And yet once they graduate, if the patients are female and/or not white all concerns for those standards are optional at best, unless the patients bring a (preferably white) man in with them to vouch for their symptoms.
Not pro-ai, just depressed about healthcare.
If we are talking about critical thinking, then I would argue that using AI to battle the very obvious shift that most instructors have taken, (that being the use of AI as much as possible to plan out lessons, grade, verify sources…you know, the job they are being paid to do? Which, by the way, was already being outsourced to whatever tools they had at their disposal. No offense TAs.) as natural progression.
I feel it still shows the ability to adapt to a forever changing landscape.
Isn’t that what the hundred-thousand dollar piece of paper tells potential employers?
Gotta say, if someone gets through medical school with AI, we’re fucked.
We have at most 10 years before it happens. I saw medical AI from google today on hugginface and at least one more.
Dude the same apply when calculators came out? Or the Internet?
Except calculators are based on reality and have deterministic and reliable results lol
a transformer model is also deterministic, they just typically have noise added to appear “creative” (among other reasons) it is possible to use a fixed rng seed and get extremely deterministic results.

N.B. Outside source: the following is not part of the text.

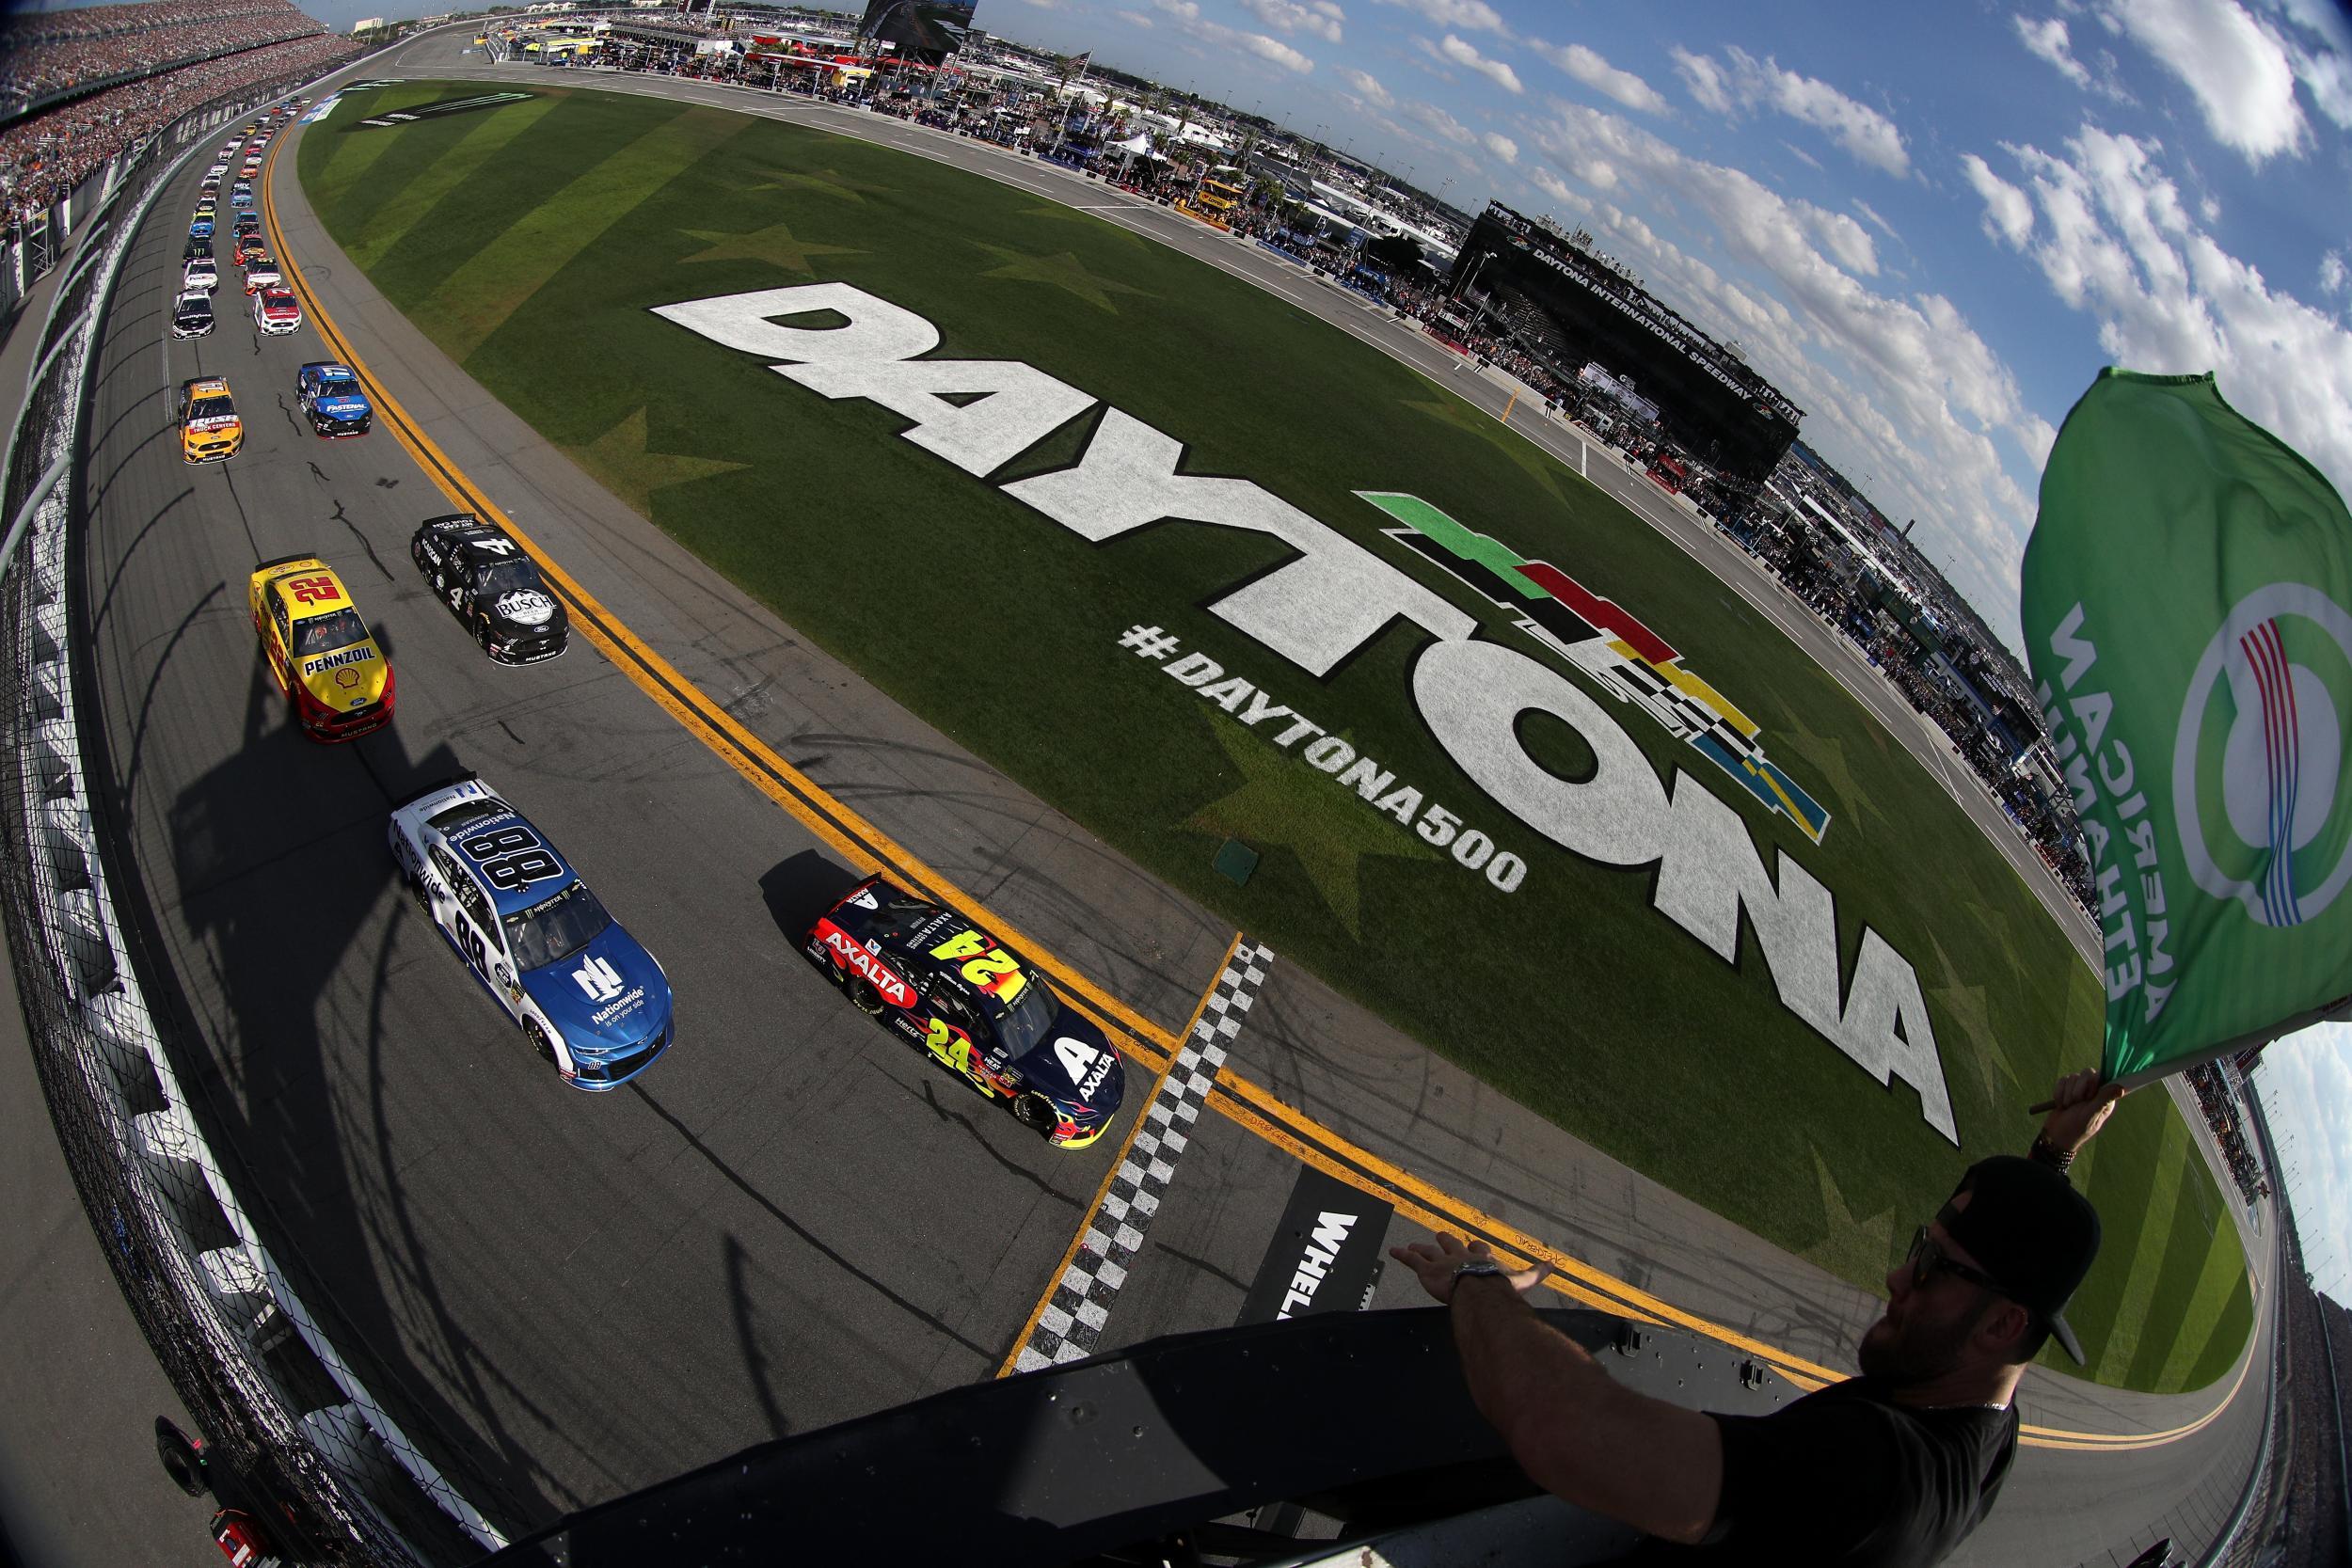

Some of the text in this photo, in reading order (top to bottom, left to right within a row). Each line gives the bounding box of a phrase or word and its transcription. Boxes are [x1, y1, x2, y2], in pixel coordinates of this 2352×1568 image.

the results will still be frequently wrong but accuracy is a completely different discussion.
You’re not wrong so you get an upvote but in the context of this conversation you know people are not using LLM tools with preseeded entropy. Also kind of a moot point because the idea of using some consistent source of entropy in a calculator is competly nonsensical and unnecessary.

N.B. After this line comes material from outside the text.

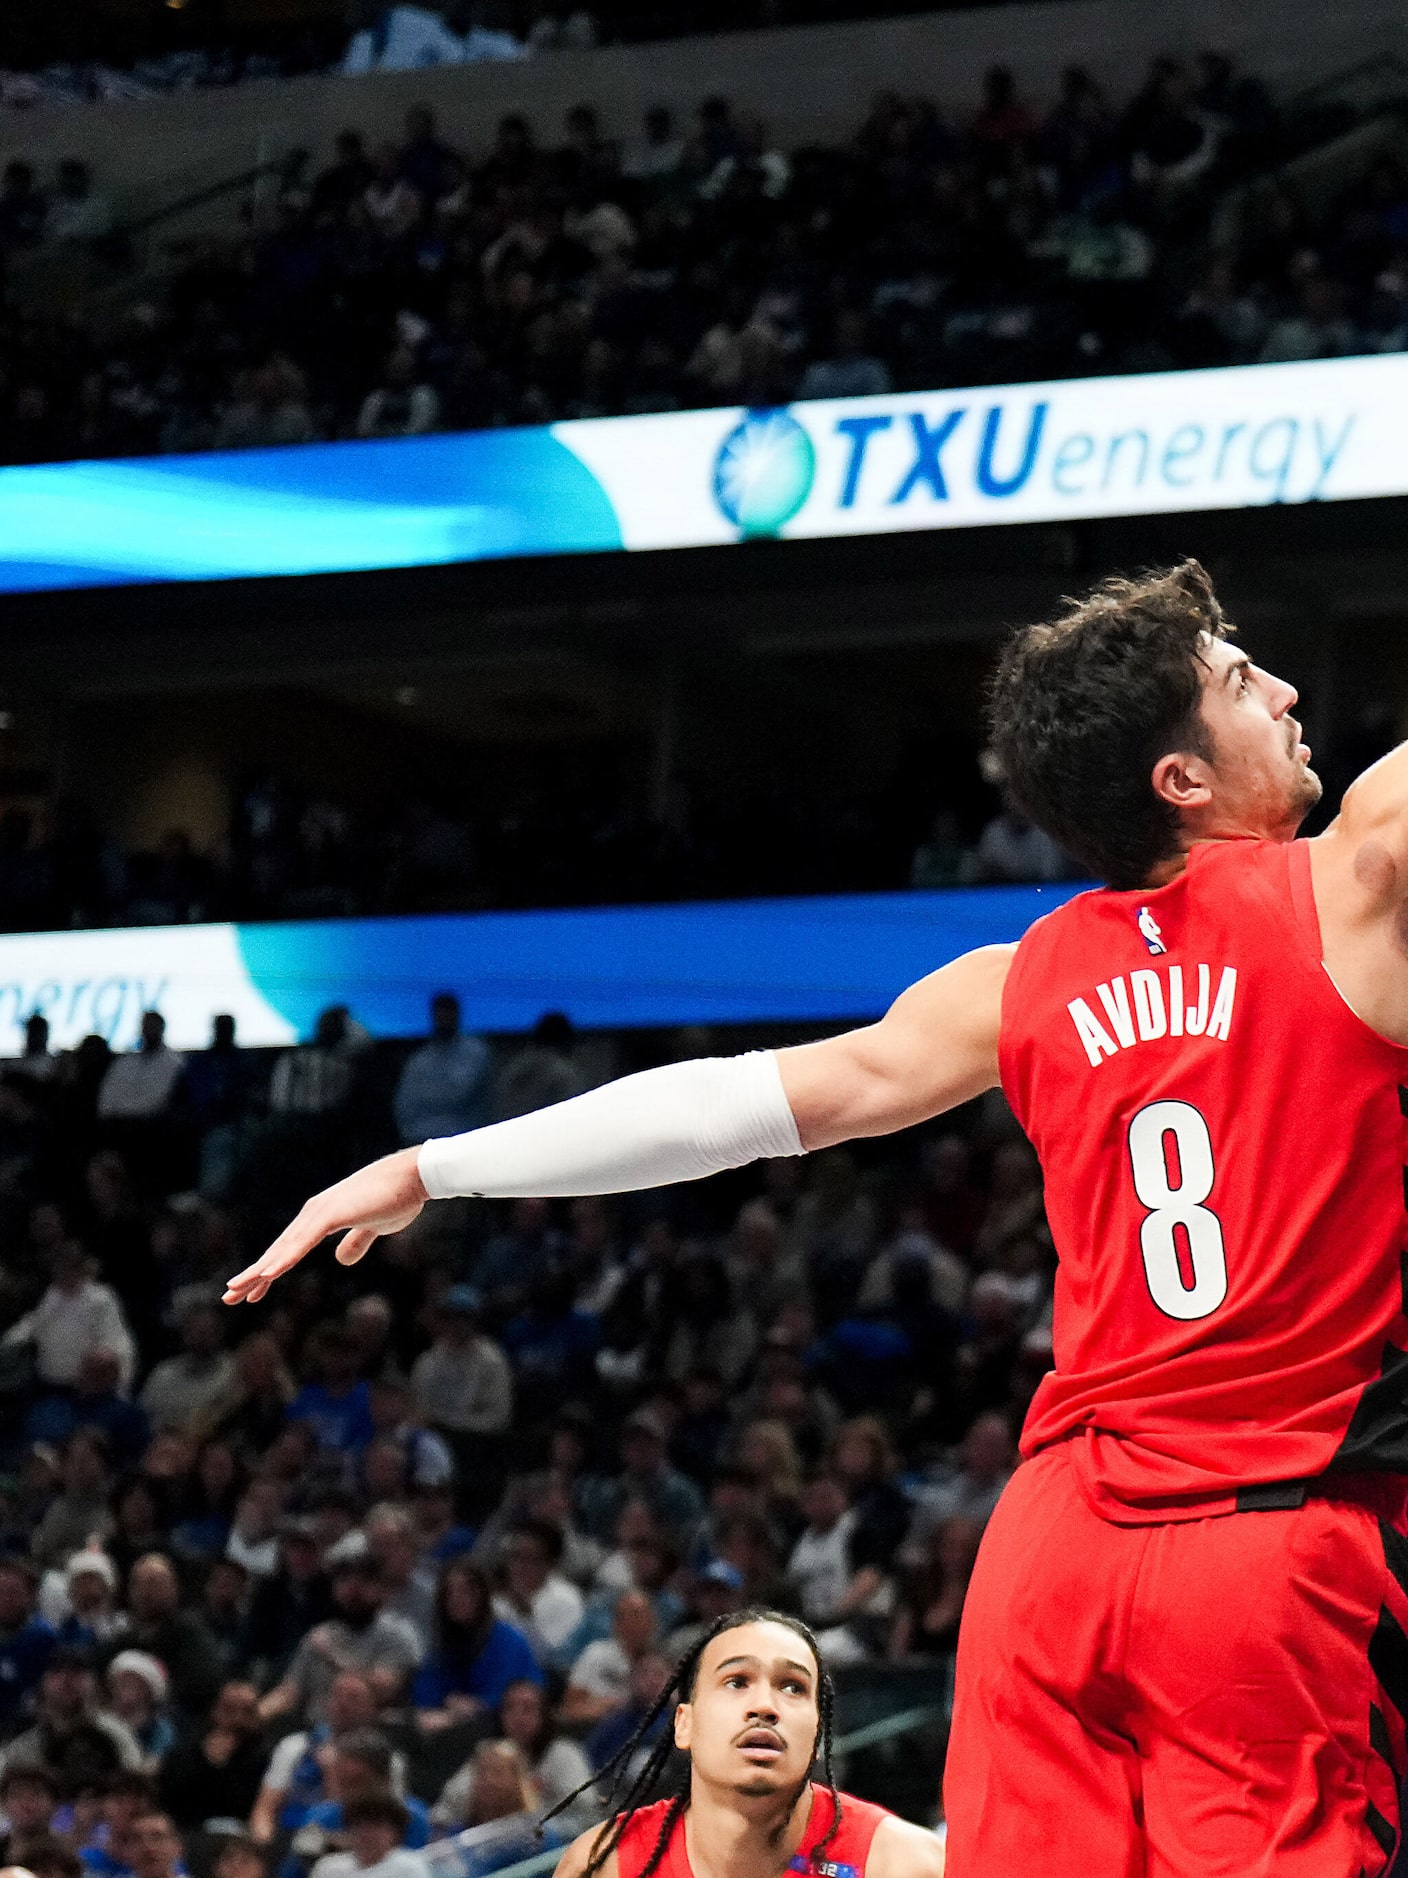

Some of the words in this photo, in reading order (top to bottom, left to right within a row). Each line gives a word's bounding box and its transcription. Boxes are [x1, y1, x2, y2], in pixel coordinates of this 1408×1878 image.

Yeah but we heard the same arguments when they came out. Nobody will learn math people will just get dumber. Then we heard the same with the Internet. It’s but trustworthy. Wikipedia is all lies. Turns out they were great tools for learning.
Your point is a false equivalence. Just because people said the same thing doesn’t mean a calculator and an LLM are equivalent in their accuracy as a tool.
I’m not talking about accuracy. The Internet isn’t accurate and they said the same things about it. Either AI isn’t going away. Remain a troglodyte or learn to master it to enhance what you can do. That’s how I dealt with it in the past.
Lmao I use LLM powered tools in my work daily, I understand their limitations and stay within them so say what you will. I still think your comparison is dumb.
You can make mistakes with a calculator. It’s more about looking at the results, verifying the data, not just blindly trusting it.
Your point has no bearing whatsoever on my statement. You could also misread a ruler but doesn’t mean there’s anything wrong with the ruler. Given I can reliably read a ruler, then I can ‘blindly trust’ it assuming it’s a well manufactured ruler. If you can’t that’s definitively a you problem.
I mean it kinda does. If all you do is type numbers into calculator and copy results there’s a chance the result is wrong.
The same way some people use AI, which is wrong.
My point wasn’t that people don’t make mistakes they obviously do. My point is that calculators are deterministic machines; to clarify that means if they have the same input they will always have the same output. LLMs are not and do not. So no it’s not the same thing.
I never said it was the same. I just said you have to be careful with tools you use. It applies to every tool.
You are implying that one must ensure the veracity of the output of a calculator in the same way that one must ensure the veracity of the output of an LLM and I’m saying no, that’s strictly not true. If it were than the only way you could use an LLM incorrectly would be to type your query incorrectly. With a calculator that metaphor holds up. With an LLM you could make no mistakes and still get incorrect output.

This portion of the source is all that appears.